• Task: Without the images, write out all of the following entries exactly.

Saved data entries
* * *

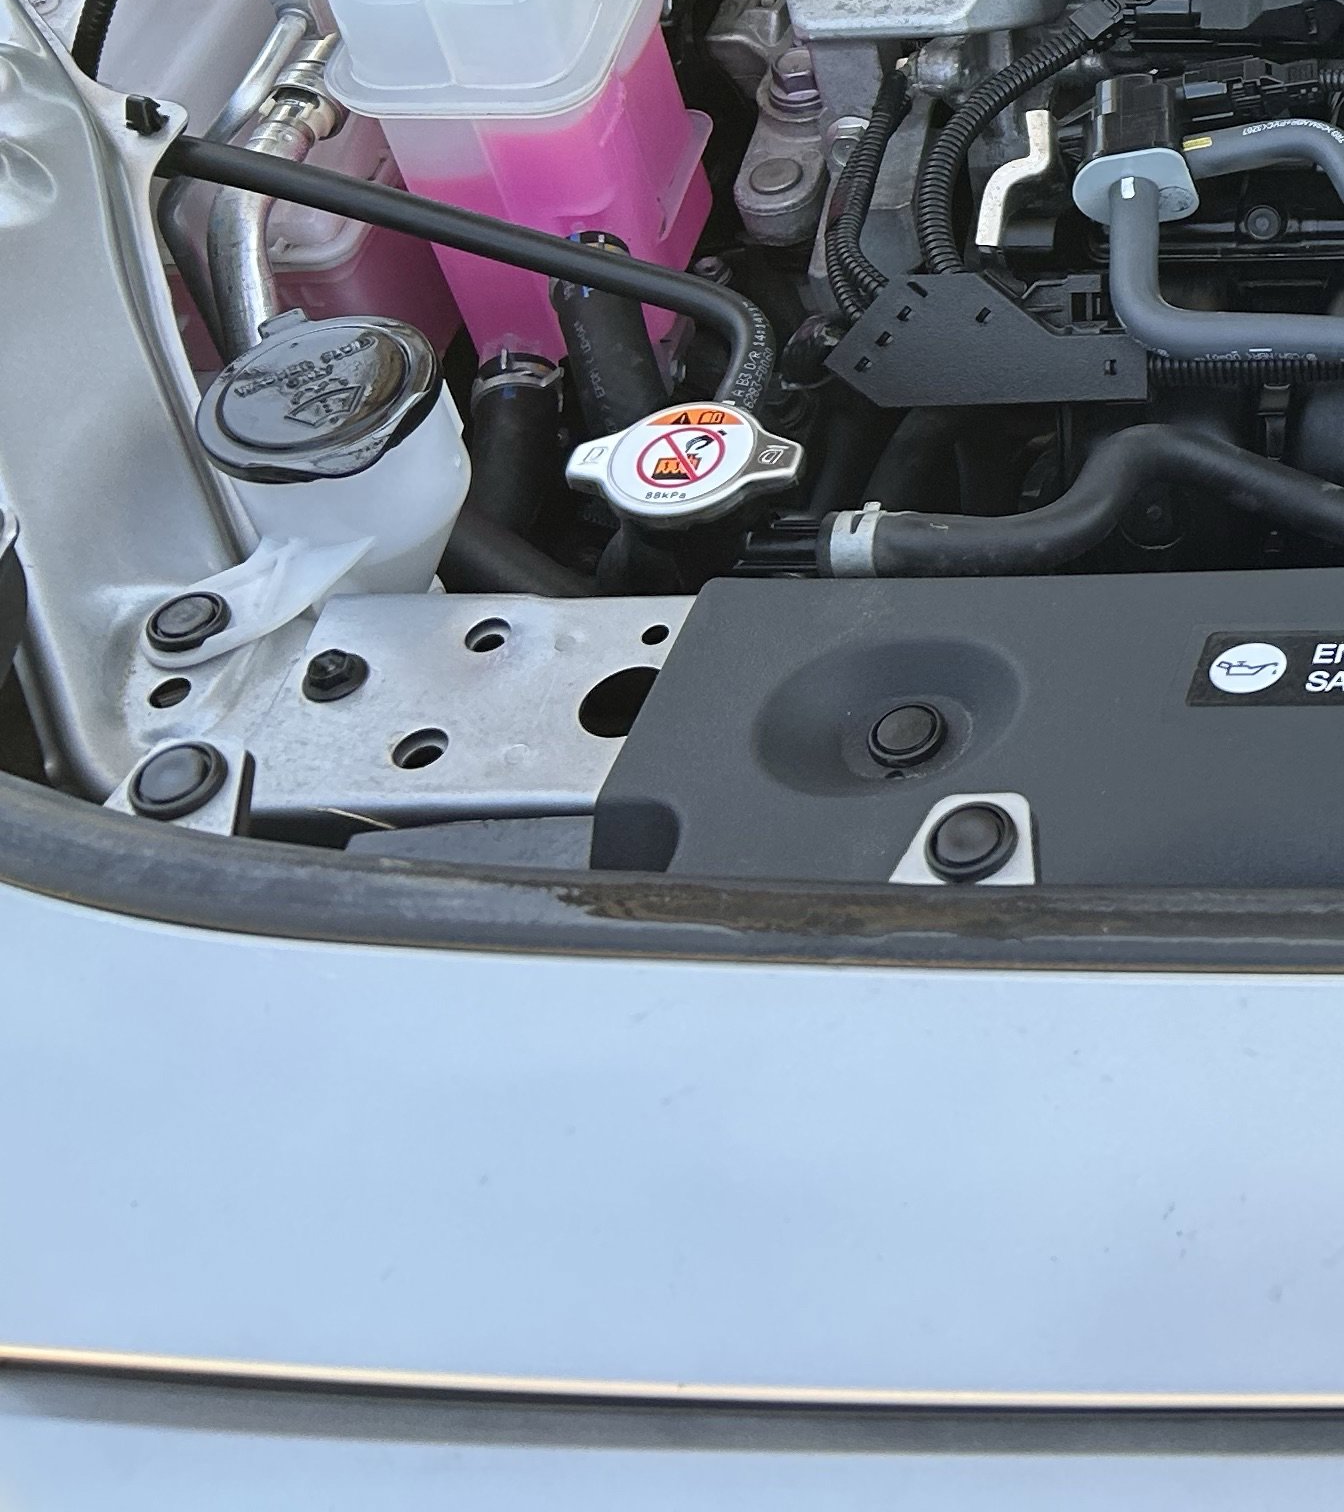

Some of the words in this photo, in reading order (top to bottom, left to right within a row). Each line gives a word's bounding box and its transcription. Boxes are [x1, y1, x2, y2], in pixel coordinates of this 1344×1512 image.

[233, 361, 315, 397] WASHER
[320, 336, 379, 363] FLUID
[644, 491, 687, 500] 88kPa
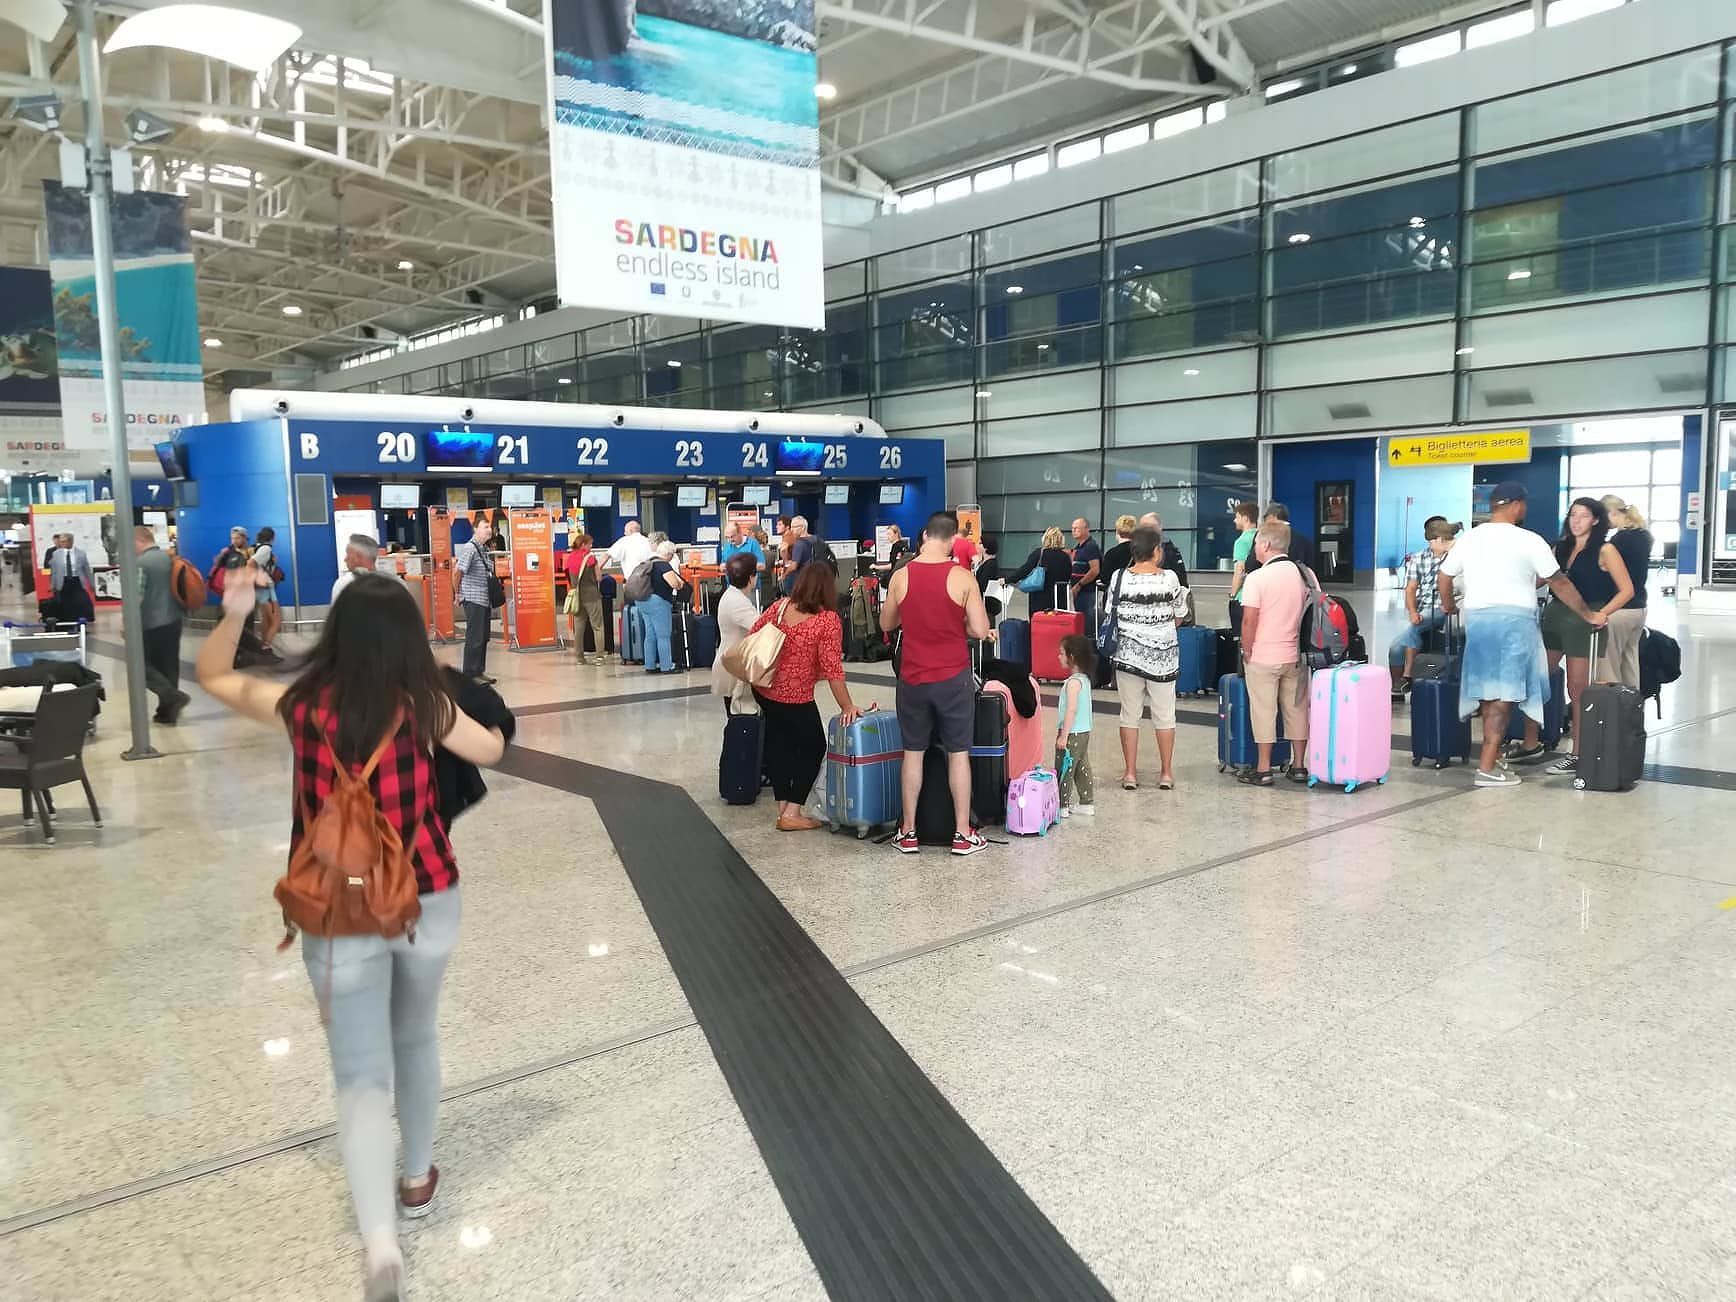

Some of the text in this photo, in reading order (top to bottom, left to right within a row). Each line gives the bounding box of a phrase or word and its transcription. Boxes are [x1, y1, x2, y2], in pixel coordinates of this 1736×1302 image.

* * *

• Response:
Some of the words in this photo, in reading order (top to bottom, left to right within a row). Each line gives a word's bounding box and its transcription. Boxes are [x1, y1, x2, y2], in pixel coordinates of this 1344×1512 image.

[233, 361, 315, 397] WASHER
[320, 336, 379, 363] FLUID
[644, 491, 687, 500] 88kPa

Some of the text in this photo, in reading order (top to bottom, left to right within a row). Each line gives the bounding box of a phrase or word and its transcription. Boxes are [x1, y1, x2, y2], in pixel coordinates of this 1736×1302 image.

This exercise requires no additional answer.